(Collected data)
##########

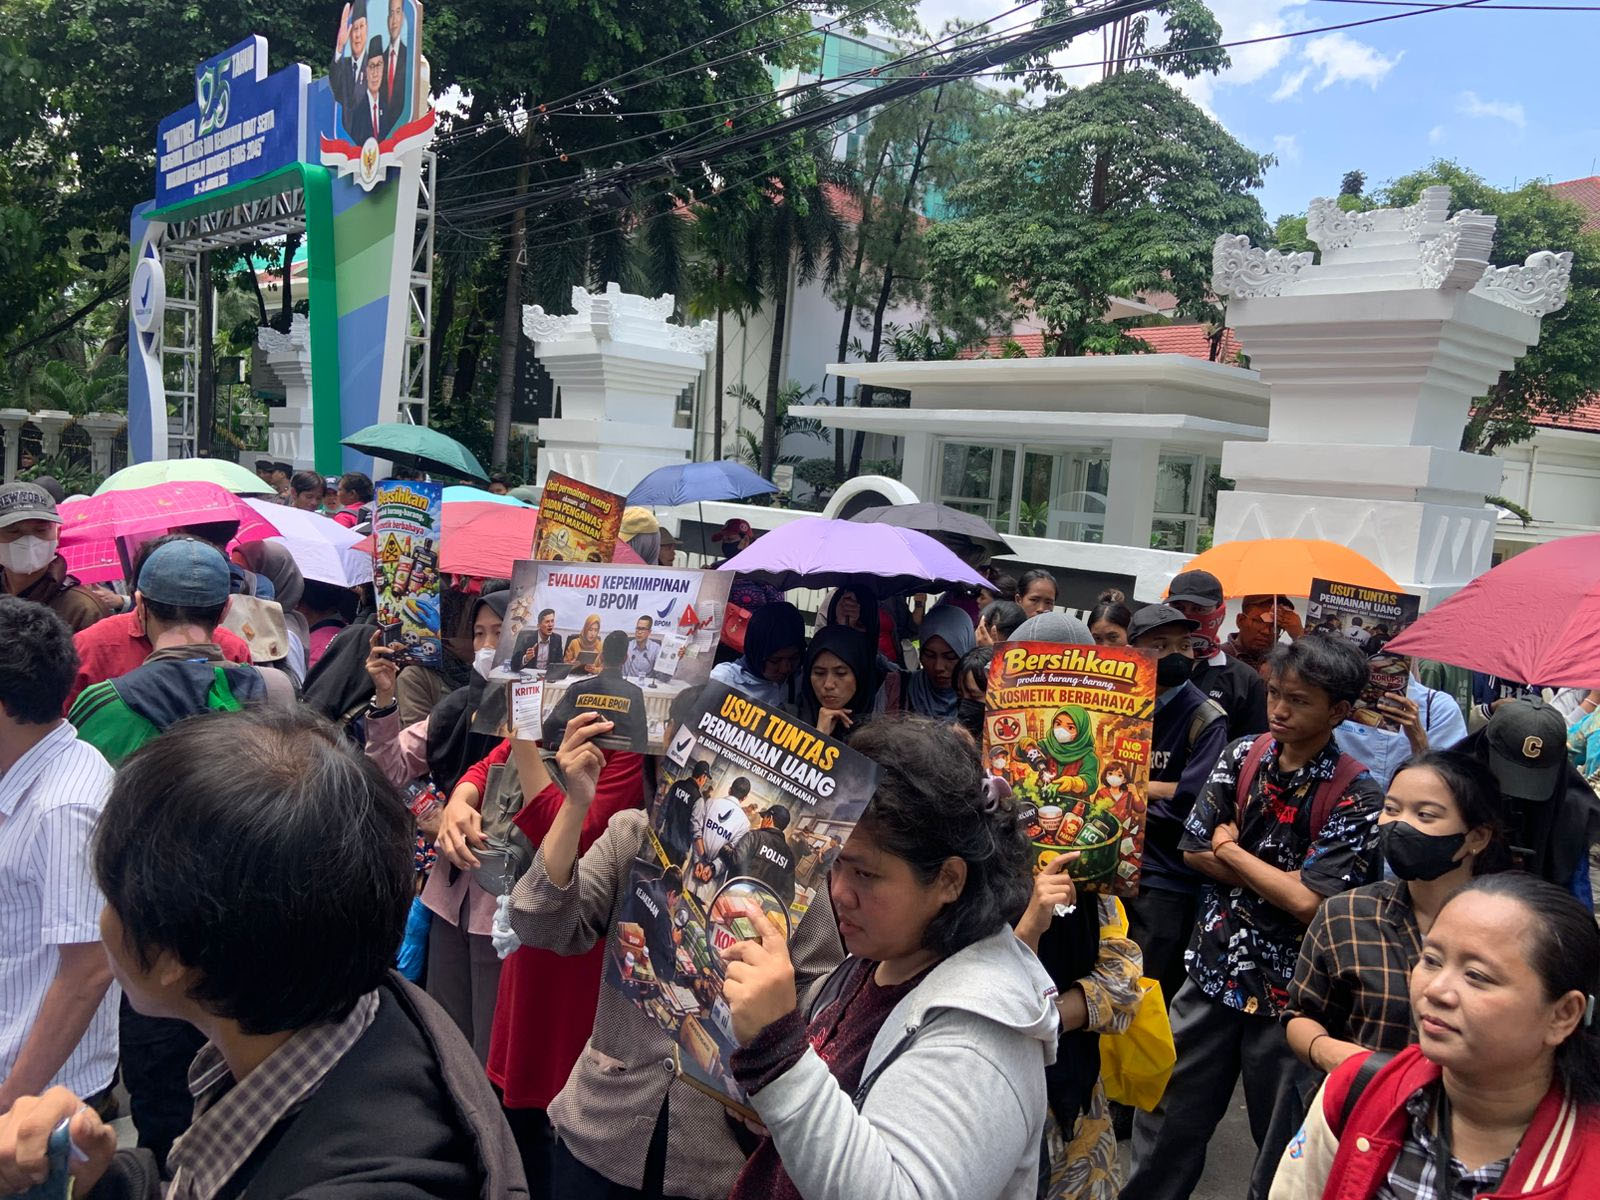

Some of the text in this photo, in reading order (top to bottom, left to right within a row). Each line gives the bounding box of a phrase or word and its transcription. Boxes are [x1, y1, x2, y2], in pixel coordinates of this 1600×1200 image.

[562, 503, 603, 529] PENGAWAS
[590, 497, 612, 514] uang
[565, 517, 601, 540] MAKANAN
[548, 573, 690, 593] EVALUASI KEPEMIMPINAN
[1329, 583, 1397, 605] USUT TUNTAS
[586, 592, 639, 610] DI BPOM
[1320, 593, 1402, 616] PERMAINAN UANG
[1004, 648, 1135, 679] Bersihkan
[1016, 673, 1046, 687] produk
[1371, 675, 1404, 684] KORUPSI
[515, 686, 540, 697] KRITIK
[1000, 689, 1135, 712] KOSMETIK BERBAHAYA
[577, 695, 630, 711] KEPALA BPOM
[720, 694, 840, 771] USUT TUNTAS
[698, 712, 836, 797] PERMAINAN UANG
[1118, 748, 1144, 761] TOXIC
[1122, 740, 1142, 752] NO
[1522, 735, 1543, 758] C
[702, 737, 721, 754] BADAN
[720, 748, 751, 770] PENGAWAS
[751, 764, 767, 777] OBAT
[766, 772, 782, 786] DAN
[781, 781, 818, 806] MAKANAN
[674, 787, 691, 804] KPK
[705, 818, 733, 841] BPOM
[760, 845, 789, 869] POLISI
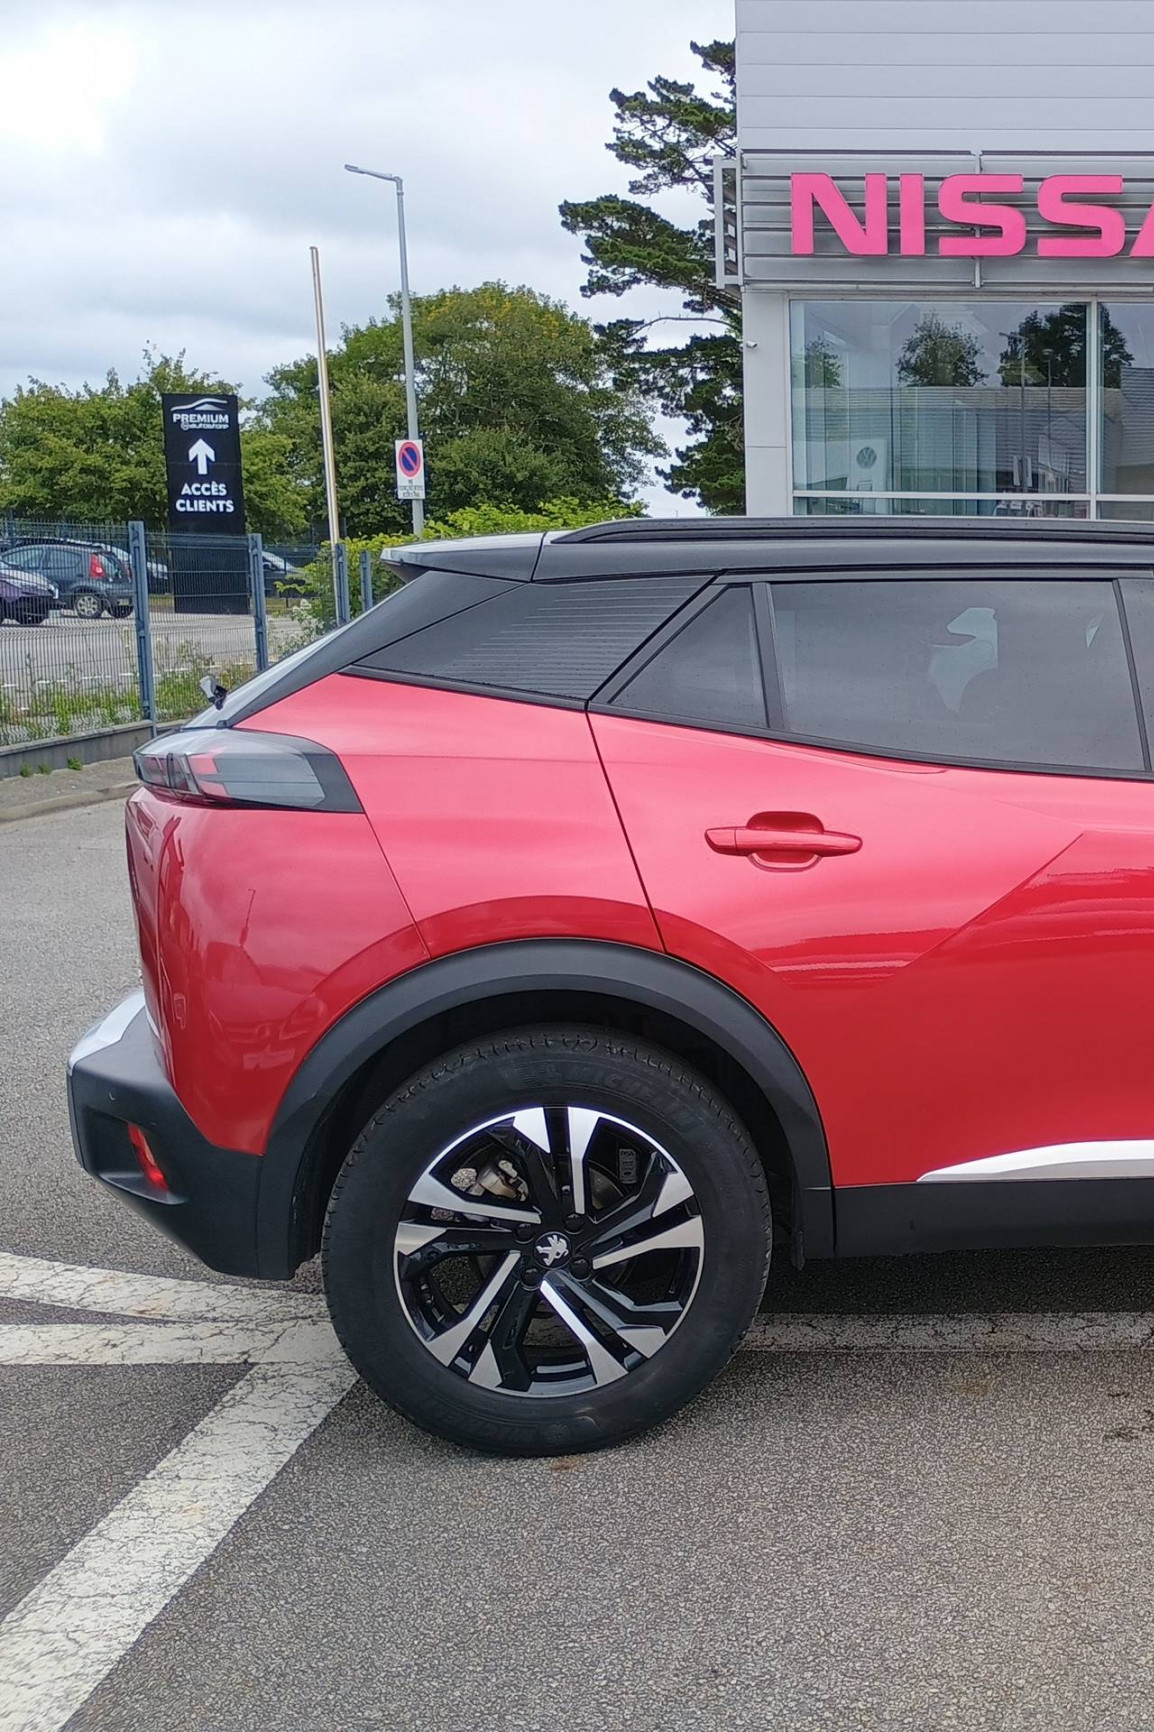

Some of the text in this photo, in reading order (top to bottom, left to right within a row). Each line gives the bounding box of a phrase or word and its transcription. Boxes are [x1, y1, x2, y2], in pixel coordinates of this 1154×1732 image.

[173, 413, 229, 424] PREMIUM
[181, 481, 227, 496] ACCÈS
[175, 499, 234, 513] CLIENTS
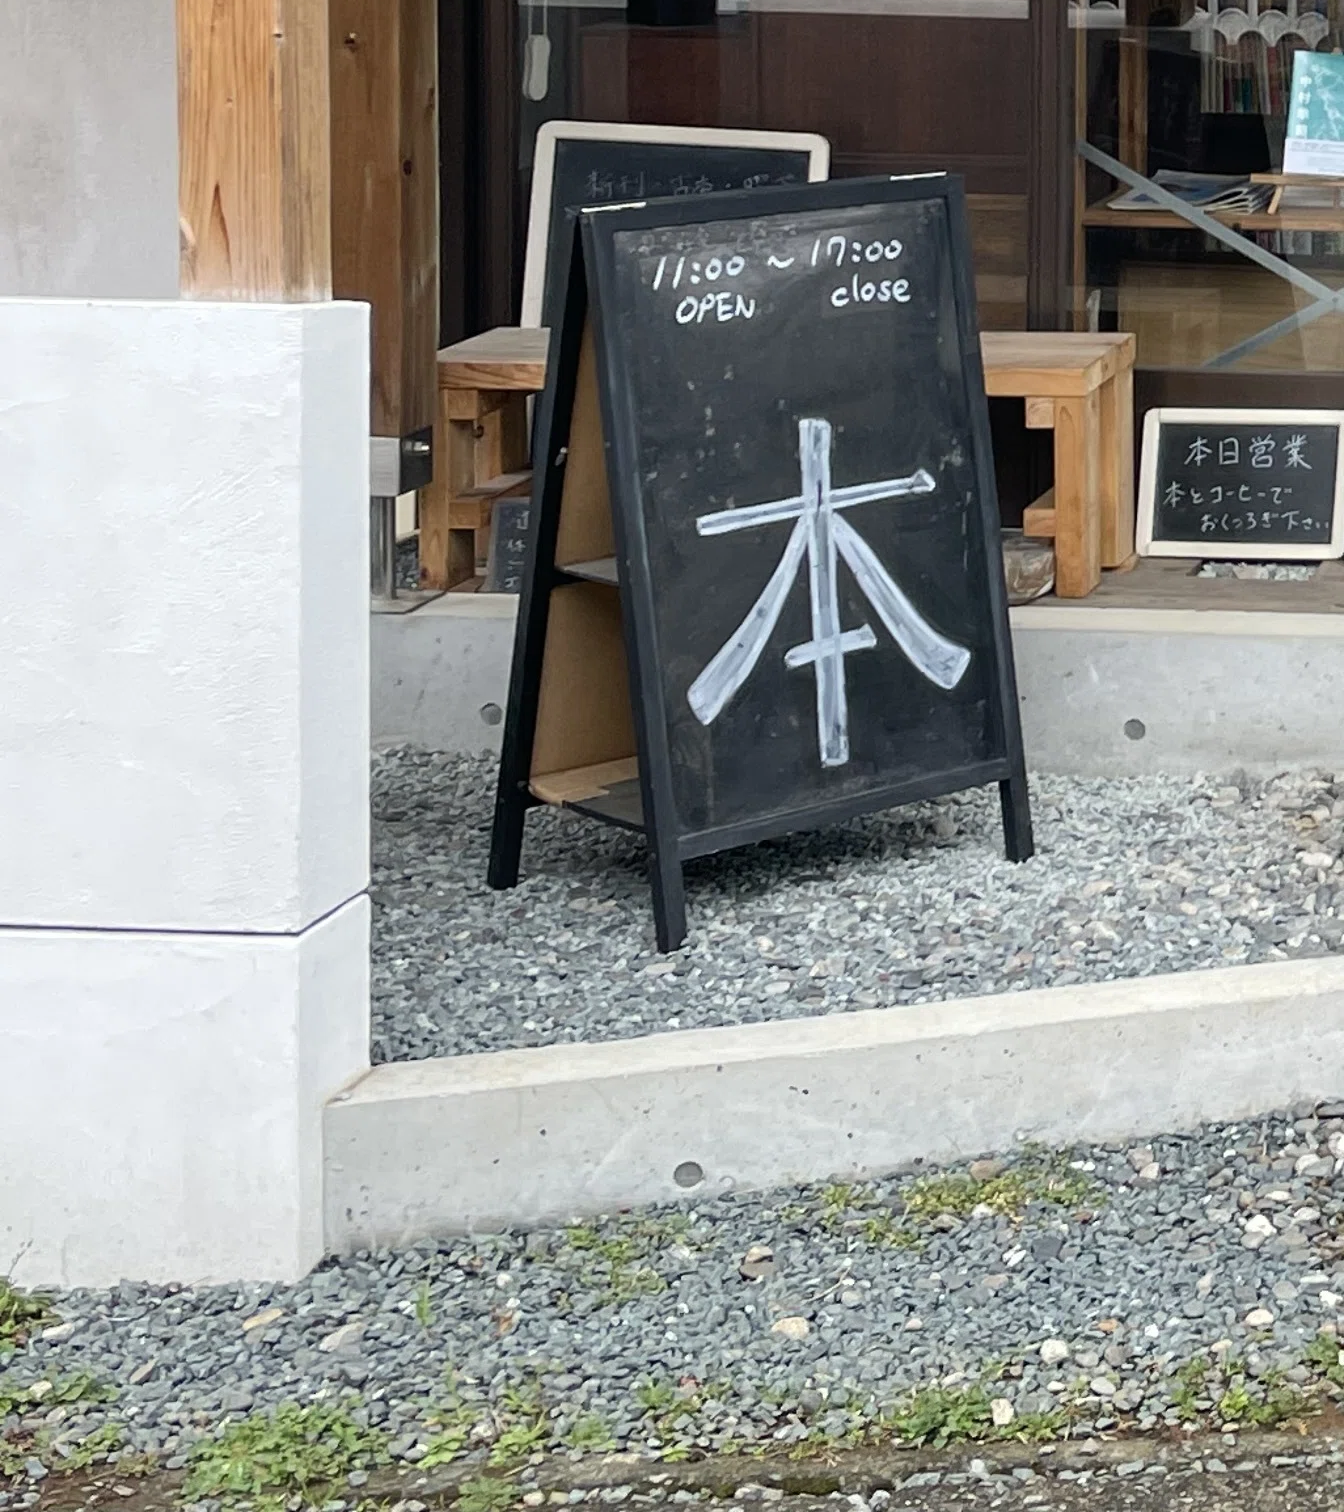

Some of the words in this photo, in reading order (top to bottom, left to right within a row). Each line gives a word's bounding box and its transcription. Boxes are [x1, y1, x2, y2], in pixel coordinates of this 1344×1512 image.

[674, 291, 757, 326] OPEN
[829, 273, 913, 309] close
[1183, 433, 1314, 470] 本日営業
[685, 416, 973, 769] 本
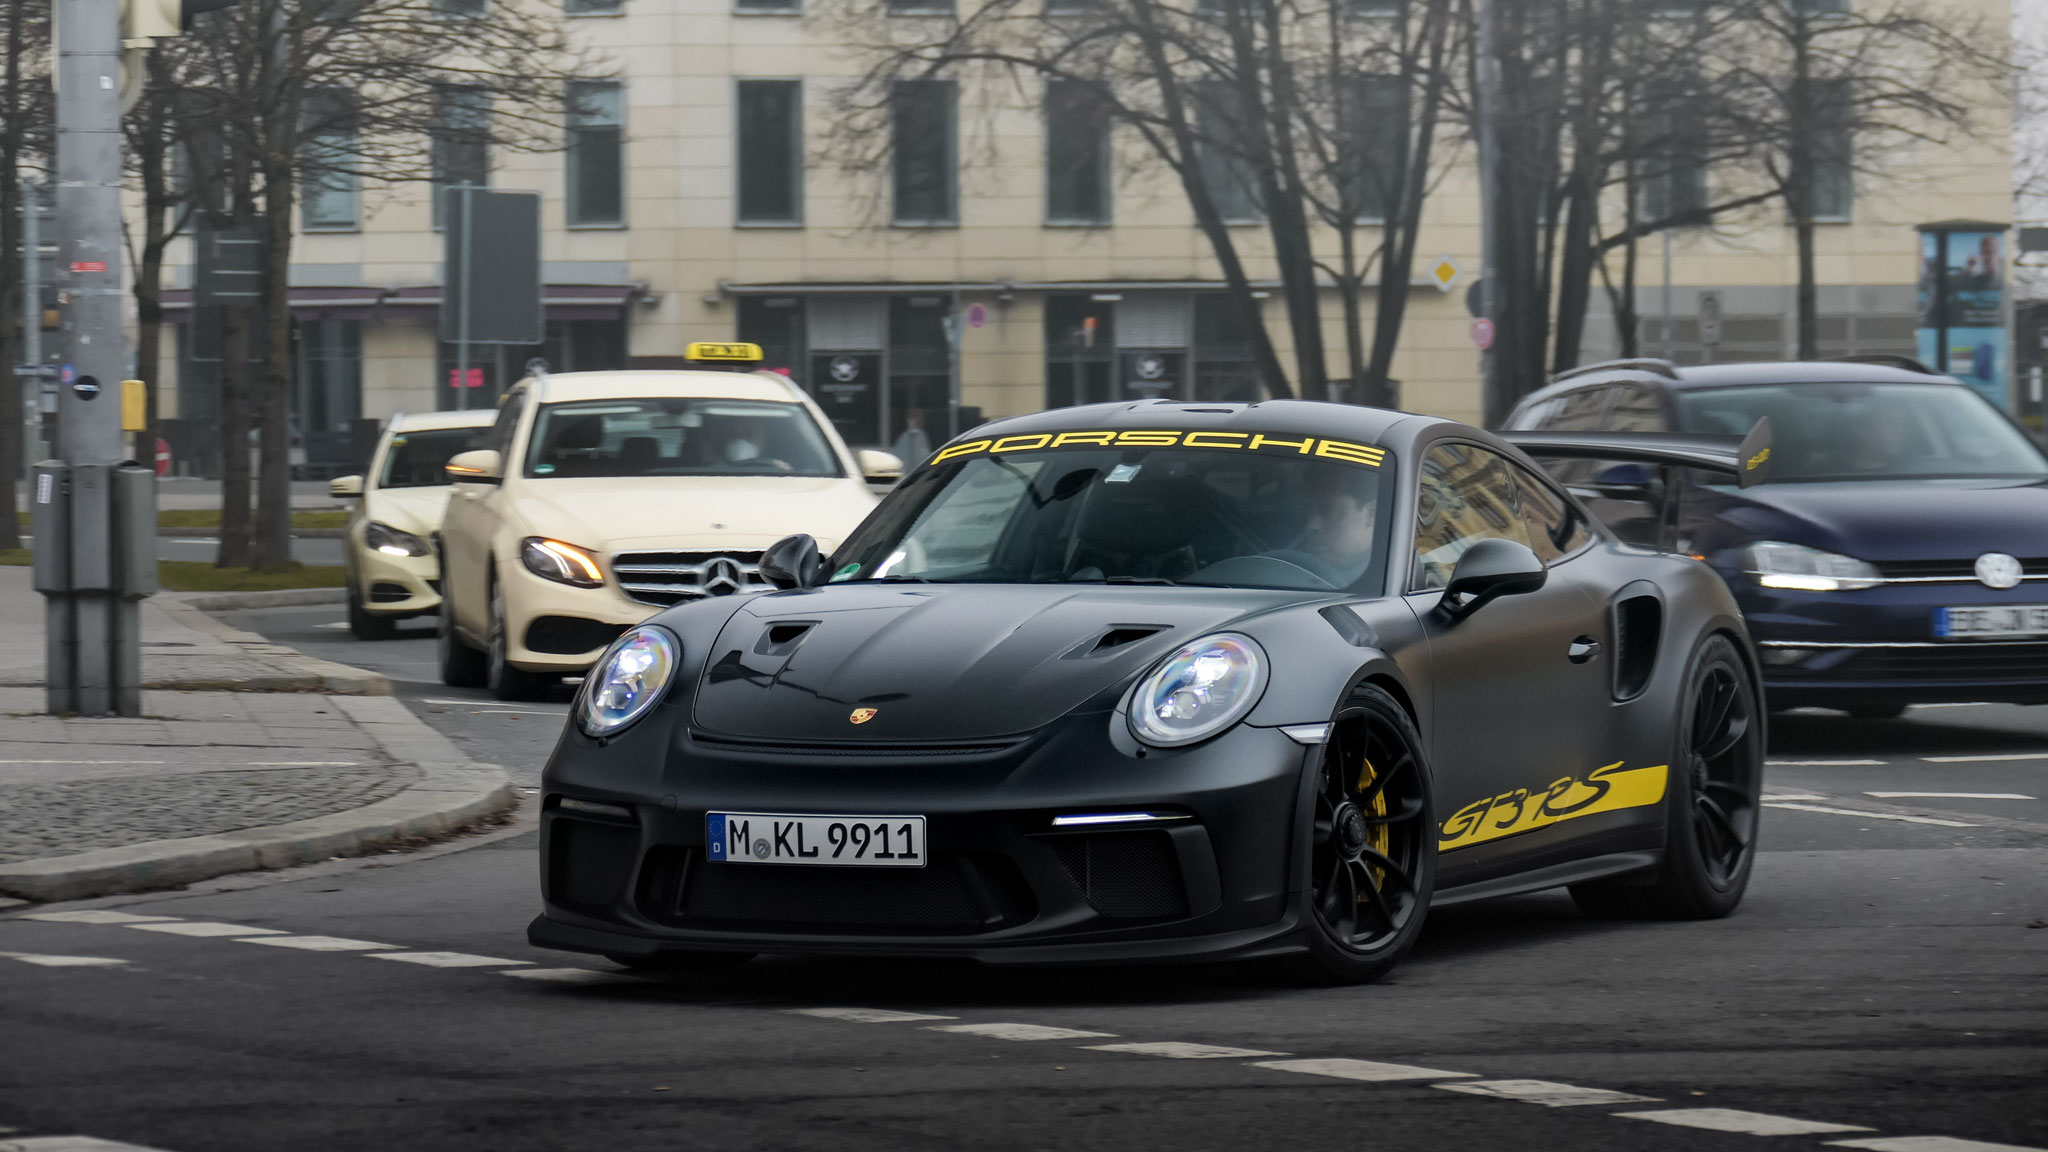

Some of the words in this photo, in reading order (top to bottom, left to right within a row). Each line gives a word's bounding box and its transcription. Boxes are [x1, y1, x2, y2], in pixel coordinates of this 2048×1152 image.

[930, 431, 1386, 467] PORSCHE
[1438, 788, 1531, 842] GT3
[1532, 760, 1624, 822] RS
[713, 842, 721, 853] D
[729, 820, 750, 856] M
[773, 821, 819, 858] KL
[827, 822, 919, 859] 9911

##########

*Problem*:
The records, exactly as written but without images, should be returned.

*Final answer*:
Some of the text in this photo, in reading order (top to bottom, left to right within a row). Each line gives the bounding box of a phrase or word and its transcription. Boxes are [x1, y1, x2, y2], in pixel coordinates of this 1600×1200 image.

[562, 503, 603, 529] PENGAWAS
[590, 497, 612, 514] uang
[565, 517, 601, 540] MAKANAN
[548, 573, 690, 593] EVALUASI KEPEMIMPINAN
[1329, 583, 1397, 605] USUT TUNTAS
[586, 592, 639, 610] DI BPOM
[1320, 593, 1402, 616] PERMAINAN UANG
[1004, 648, 1135, 679] Bersihkan
[1016, 673, 1046, 687] produk
[1371, 675, 1404, 684] KORUPSI
[515, 686, 540, 697] KRITIK
[1000, 689, 1135, 712] KOSMETIK BERBAHAYA
[577, 695, 630, 711] KEPALA BPOM
[720, 694, 840, 771] USUT TUNTAS
[698, 712, 836, 797] PERMAINAN UANG
[1118, 748, 1144, 761] TOXIC
[1122, 740, 1142, 752] NO
[1522, 735, 1543, 758] C
[702, 737, 721, 754] BADAN
[720, 748, 751, 770] PENGAWAS
[751, 764, 767, 777] OBAT
[766, 772, 782, 786] DAN
[781, 781, 818, 806] MAKANAN
[674, 787, 691, 804] KPK
[705, 818, 733, 841] BPOM
[760, 845, 789, 869] POLISI

Some of the text in this photo, in reading order (top to bottom, left to right within a row). Each line gives the bounding box of a phrase or word and its transcription. Boxes are [x1, y1, x2, y2], in pixel coordinates of this 1154×1732 image.

[173, 413, 229, 424] PREMIUM
[181, 481, 227, 496] ACCÈS
[175, 499, 234, 513] CLIENTS

Some of the words in this photo, in reading order (top to bottom, left to right within a row). Each line gives a word's bounding box and its transcription. Boxes are [x1, y1, x2, y2], in pixel coordinates of this 1344×1512 image.

[674, 291, 757, 326] OPEN
[829, 273, 913, 309] close
[1183, 433, 1314, 470] 本日営業
[685, 416, 973, 769] 本

Some of the words in this photo, in reading order (top to bottom, left to right within a row). Each line gives a word's bounding box and its transcription. Boxes are [x1, y1, x2, y2], in pixel coordinates of this 2048×1152 image.

[930, 431, 1386, 467] PORSCHE
[1438, 788, 1531, 842] GT3
[1532, 760, 1624, 822] RS
[713, 842, 721, 853] D
[729, 820, 750, 856] M
[773, 821, 819, 858] KL
[827, 822, 919, 859] 9911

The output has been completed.